Fry wrote: ‘Someone took this photograph round here the other day. Nature imitating art, as Oscar would say, and giving a very fair version of a #lowry.’ Shame, he followed it up with ‘(sorry I can’t credit the photographer - hope they don’t mind)’. Oh, come on now, Mr Fry, it wouldn’t have taken too long to find out.
Buckley decided to produce prints and has found it hard to keep up with worldwide demand. In one Manchester framing shop a customer turned up to give their print its proper respect and found there were several already being serviced.
So what does Buckley think is the appeal?
“I have been wondering why it’s so popular,” he says. “I think it’s because it’s how people perceive how Manchester is - how the image sums it up for them.
“This picture captures the myth of Manchester, the individuality of the place. We all know it doesn’t rain all the time and we all know it isn’t a Victorian city anymore, but dynamic and modern, yet in the mind’s eye of people of all ages that idea persists. In a lovely way, there’s almost a timeline, the way people move through the rain is like an ancestral memory.”
He’s right. Nobody wants their city to be the same as others. And despite the much moaned about rain, which, while not being as as frequent or as prolonged as the cliche would have us think (which we've written about here), is something people from these parts consider their own.

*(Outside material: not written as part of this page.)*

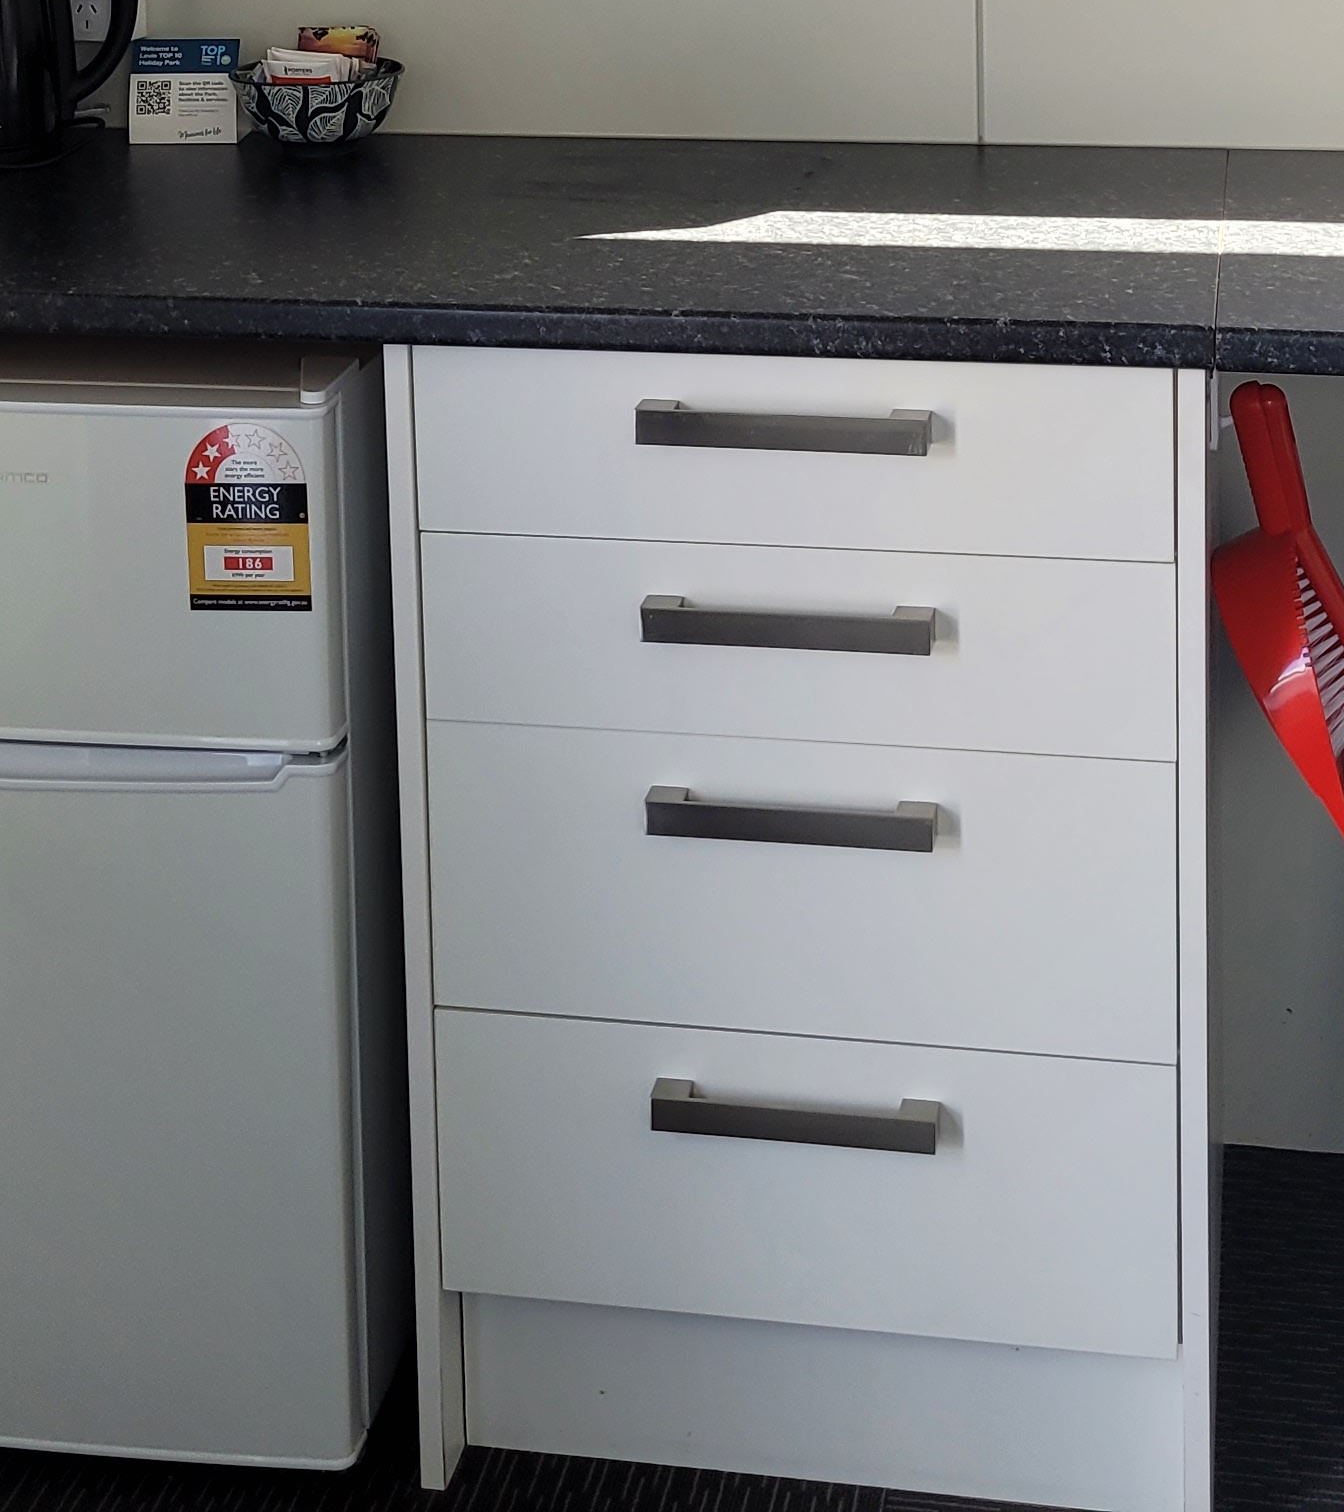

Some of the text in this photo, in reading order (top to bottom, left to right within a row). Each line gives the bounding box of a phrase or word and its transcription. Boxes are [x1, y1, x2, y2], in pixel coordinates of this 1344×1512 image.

In the end, the picture Buckley caught and the acclaim it's received is all about affection. A sun-soaked image is typical the world-over. Dull, often a publicity shot. For many people, such an image of Manchester is not only what they don't carry with them, it's one they don't want to carry with them The rainy image is theirs, their identity. It's a fresh Lowry or Valette.
Of course, this attitude might be as much about the manner in which Manchester has been described in anecdote, on the screen and in literature as it is about our own experience. Not that that matters, we've adopted the cliche as ours. Collyhurst comedian, Les Dawson would quip, "People think it always rains in Manchester. Not true, although I do admit it's the only place in the country with lifeboat drill on the bus routes."
Yet, for Buckley, might the popular print be a double-edged sword? As his Not Quite Light website reveals, he produces dawn and dusk images from across the world not just in Manchester. Might he start, in his own town, to be typecast?
“Or overcast,” laughs Buckley, “But I suppose it could turn out like Gary Numan and the song Cars - in every presentation I do, people asking me to replay ‘Manchester Rainstorm, Deansgate’. It's a scary thought, but it's great to have inspired such a reaction."